◆ **WHAT YOU WILL DO**
Type out the data exactly as given. Skip any image.

◆ **TASK INPUT**
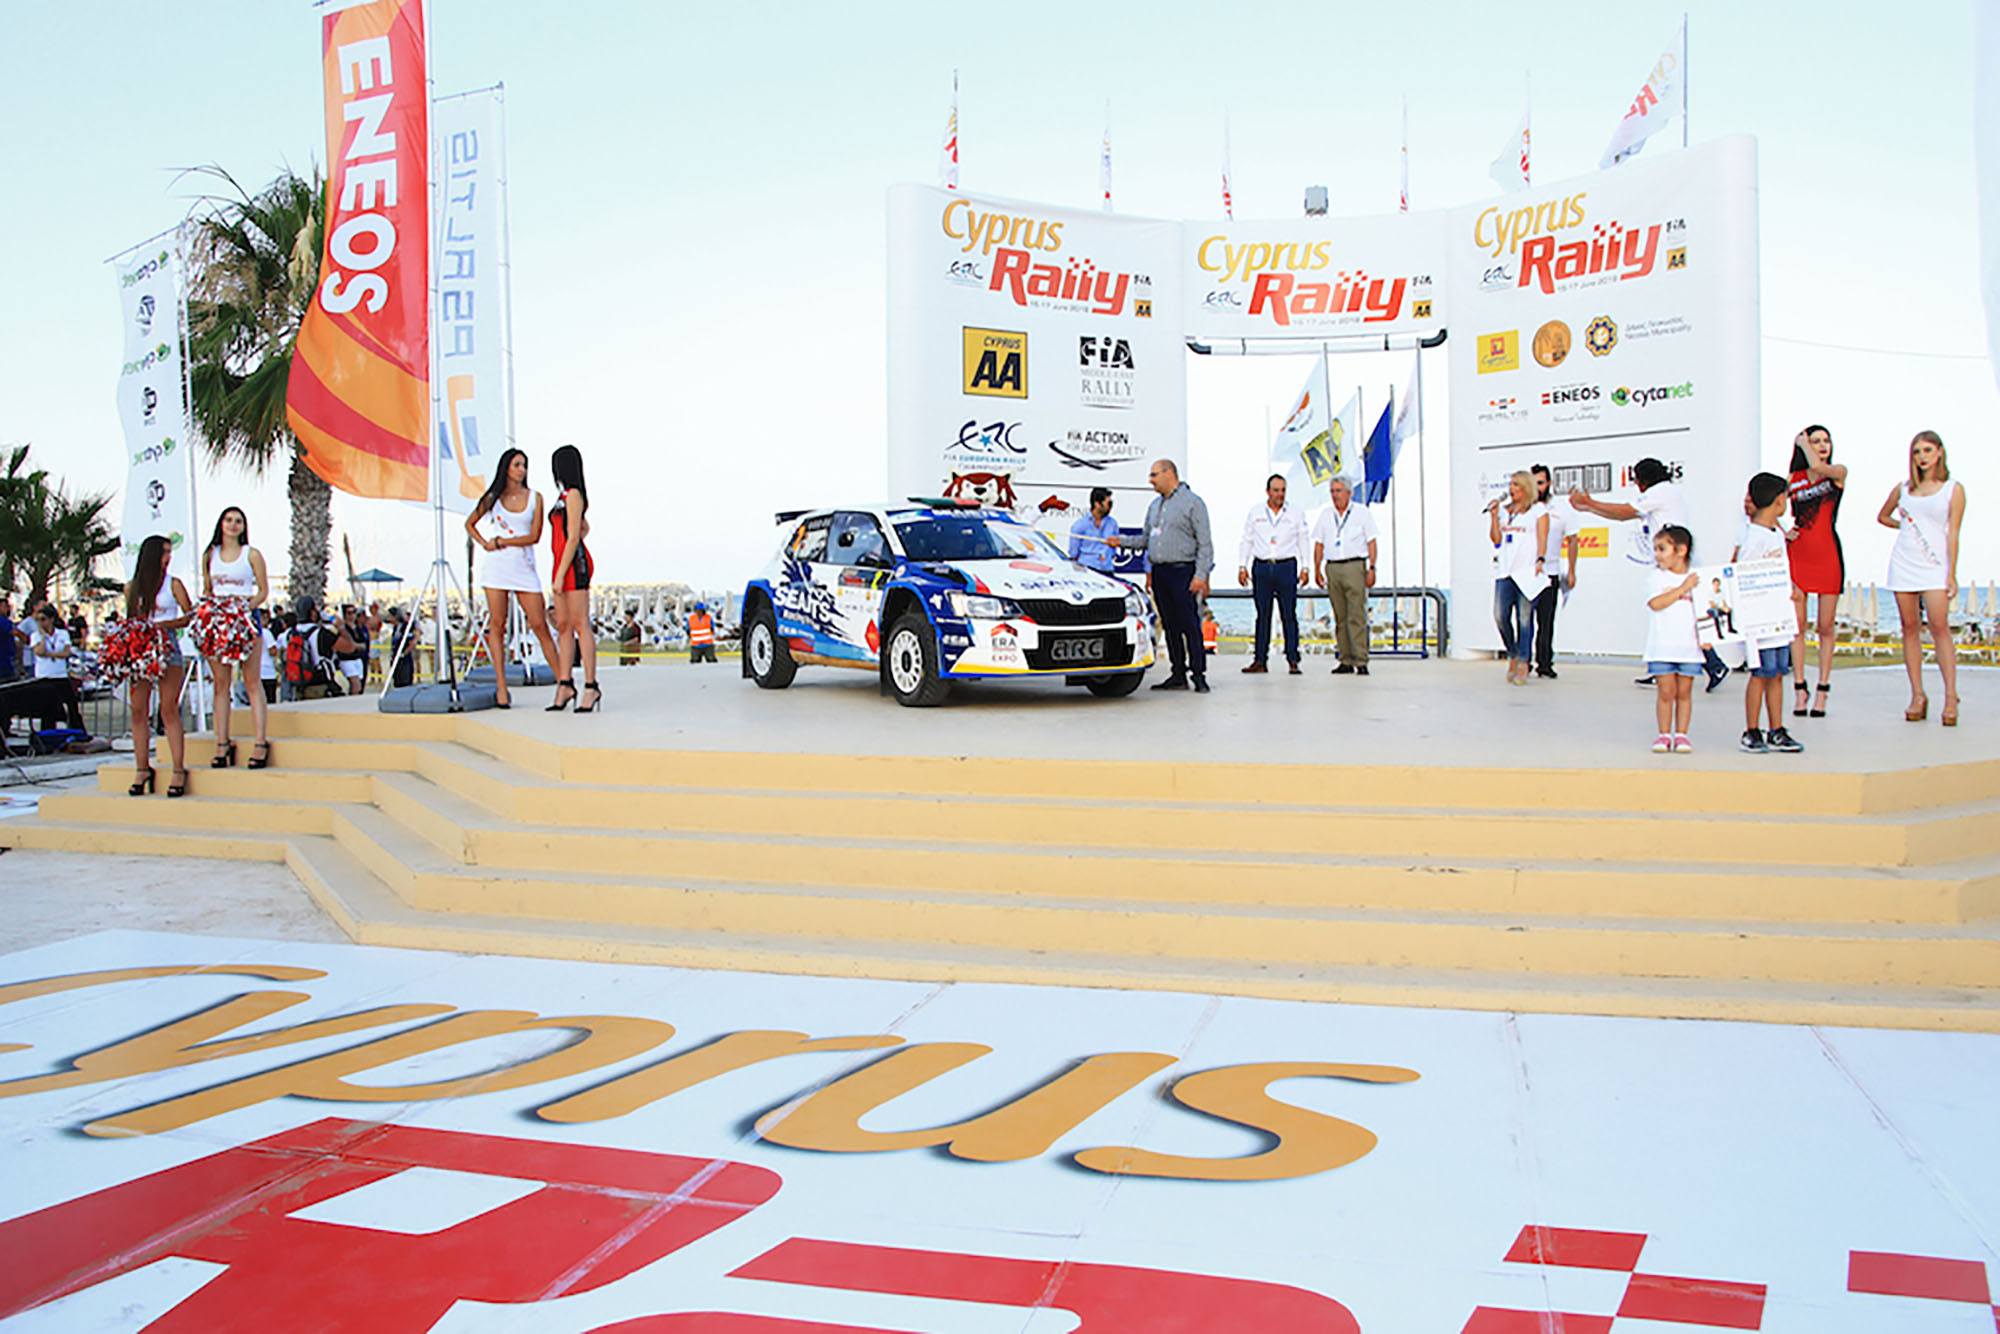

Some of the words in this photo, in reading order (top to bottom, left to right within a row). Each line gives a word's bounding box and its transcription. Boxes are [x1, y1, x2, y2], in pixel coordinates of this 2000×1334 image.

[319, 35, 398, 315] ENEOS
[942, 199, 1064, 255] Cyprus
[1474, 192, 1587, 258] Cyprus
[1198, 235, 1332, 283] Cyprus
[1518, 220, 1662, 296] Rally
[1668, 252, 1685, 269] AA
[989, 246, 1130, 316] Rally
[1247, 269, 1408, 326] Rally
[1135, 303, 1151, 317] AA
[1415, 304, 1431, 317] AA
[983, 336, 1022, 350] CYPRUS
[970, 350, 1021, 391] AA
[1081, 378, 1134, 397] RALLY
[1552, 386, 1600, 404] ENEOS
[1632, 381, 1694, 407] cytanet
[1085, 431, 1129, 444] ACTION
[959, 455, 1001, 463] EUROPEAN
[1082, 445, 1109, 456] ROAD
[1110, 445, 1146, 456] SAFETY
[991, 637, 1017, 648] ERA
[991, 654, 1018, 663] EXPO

◆ **ANSWER TO THE PROBLEM**
Some of the words in this photo, in reading order (top to bottom, left to right within a row). Each line gives a word's bounding box and its transcription. Boxes are [x1, y1, x2, y2], in pixel coordinates of this 2000×1334 image.

[319, 35, 398, 315] ENEOS
[942, 199, 1064, 255] Cyprus
[1474, 192, 1587, 258] Cyprus
[1198, 235, 1332, 283] Cyprus
[1518, 220, 1662, 296] Rally
[1668, 252, 1685, 269] AA
[989, 246, 1130, 316] Rally
[1247, 269, 1408, 326] Rally
[1135, 303, 1151, 317] AA
[1415, 304, 1431, 317] AA
[983, 336, 1022, 350] CYPRUS
[970, 350, 1021, 391] AA
[1081, 378, 1134, 397] RALLY
[1552, 386, 1600, 404] ENEOS
[1632, 381, 1694, 407] cytanet
[1085, 431, 1129, 444] ACTION
[959, 455, 1001, 463] EUROPEAN
[1082, 445, 1109, 456] ROAD
[1110, 445, 1146, 456] SAFETY
[991, 637, 1017, 648] ERA
[991, 654, 1018, 663] EXPO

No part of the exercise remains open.